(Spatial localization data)
○ ○ ○ ○

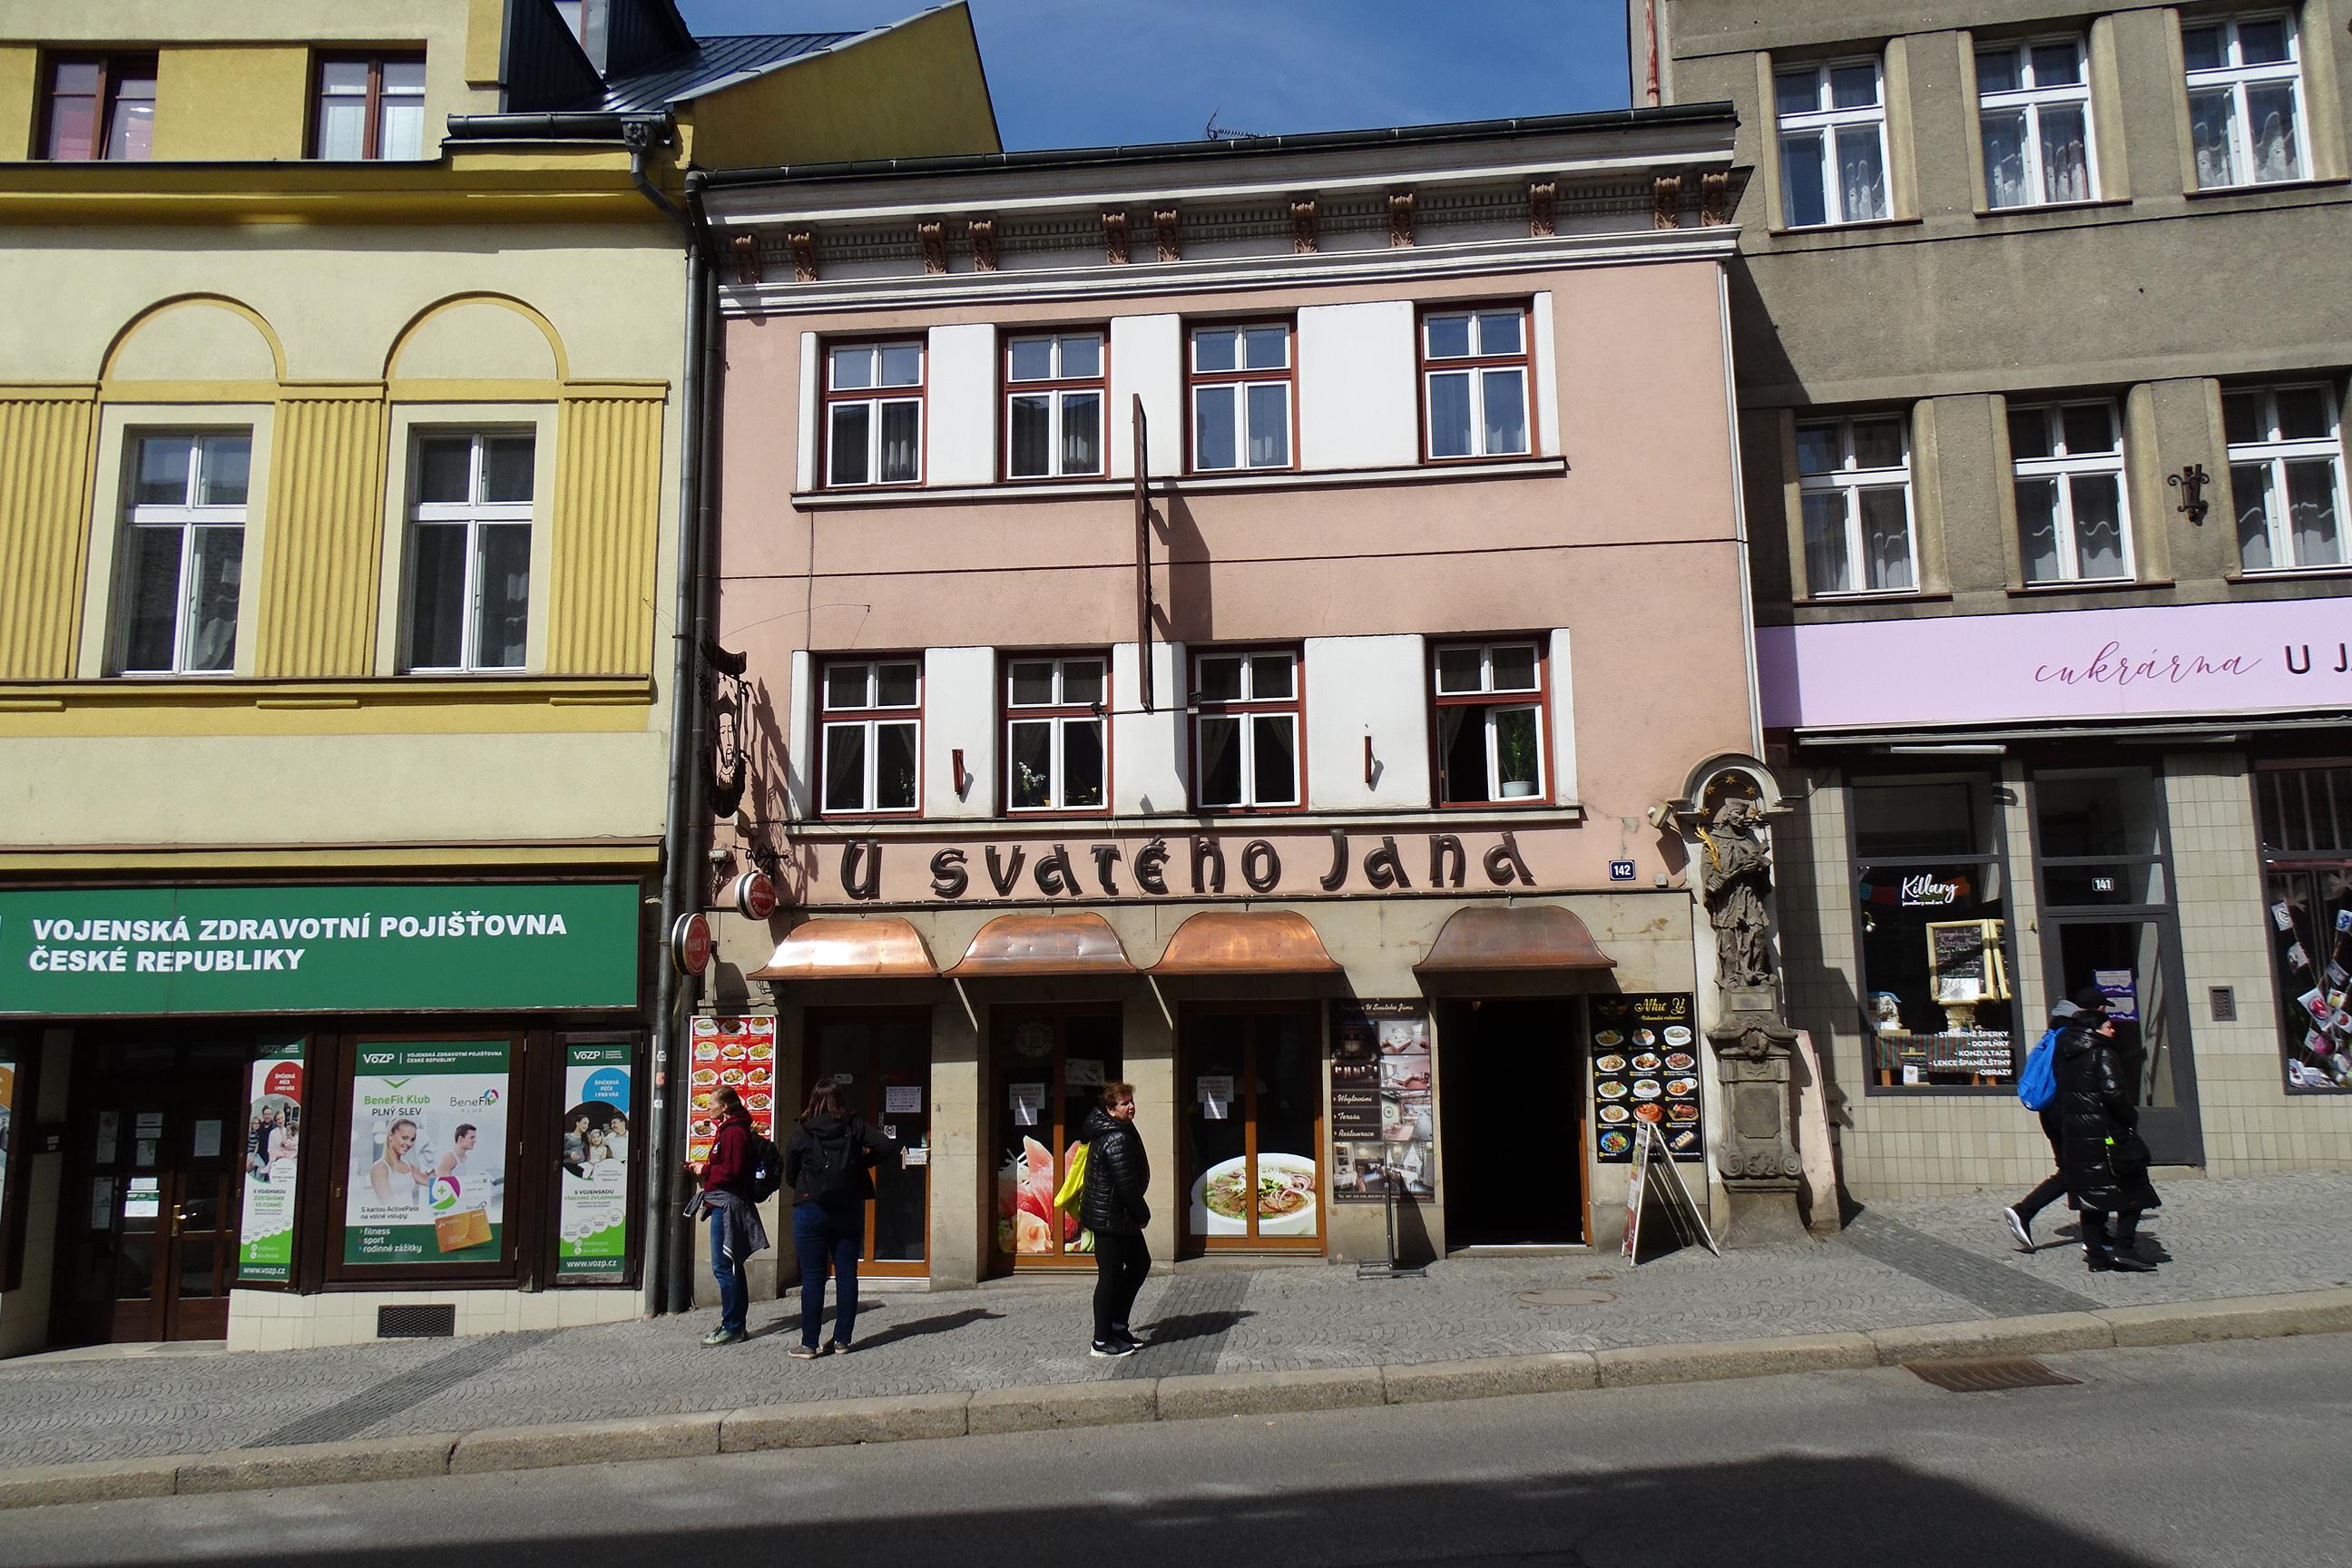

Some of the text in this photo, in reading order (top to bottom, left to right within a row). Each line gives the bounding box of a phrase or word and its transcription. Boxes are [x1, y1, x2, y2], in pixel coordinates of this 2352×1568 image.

[2035, 641, 2352, 686] cukrárna U J
[840, 838, 880, 897] U
[1613, 865, 1632, 876] 142
[1901, 873, 1959, 904] Killary
[2094, 879, 2112, 889] 141
[33, 910, 567, 941] VOJENSKÁ ZDRAVOTNÍ POJIŠŤOVNA
[29, 946, 306, 972] ČESKÉ REPUBLIKY
[1971, 1038, 2010, 1047] DOPLŇKY
[1959, 1058, 2011, 1066] ŠPANĚLŠTINY
[364, 1094, 430, 1105] BeneFit Klub
[450, 1096, 492, 1106] BeneFit
[372, 1106, 422, 1116] PLNÝ SLEV
[364, 1227, 391, 1235] fitness
[363, 1236, 385, 1245] sport
[363, 1244, 393, 1253] rodinné
[566, 1259, 618, 1269] www.vozp.cz

○ ○ ○ ○

# Exercise instructions:
Reproduce the records in full, exactly as they appear, and show none of the pictures.

# Exercise response:
Some of the text in this photo, in reading order (top to bottom, left to right within a row). Each line gives the bounding box of a phrase or word and its transcription. Boxes are [x1, y1, x2, y2], in pixel coordinates of this 2352×1568 image.

[2035, 641, 2352, 686] cukrárna U J
[840, 838, 880, 897] U
[1613, 865, 1632, 876] 142
[1901, 873, 1959, 904] Killary
[2094, 879, 2112, 889] 141
[33, 910, 567, 941] VOJENSKÁ ZDRAVOTNÍ POJIŠŤOVNA
[29, 946, 306, 972] ČESKÉ REPUBLIKY
[1971, 1038, 2010, 1047] DOPLŇKY
[1959, 1058, 2011, 1066] ŠPANĚLŠTINY
[364, 1094, 430, 1105] BeneFit Klub
[450, 1096, 492, 1106] BeneFit
[372, 1106, 422, 1116] PLNÝ SLEV
[364, 1227, 391, 1235] fitness
[363, 1236, 385, 1245] sport
[363, 1244, 393, 1253] rodinné
[566, 1259, 618, 1269] www.vozp.cz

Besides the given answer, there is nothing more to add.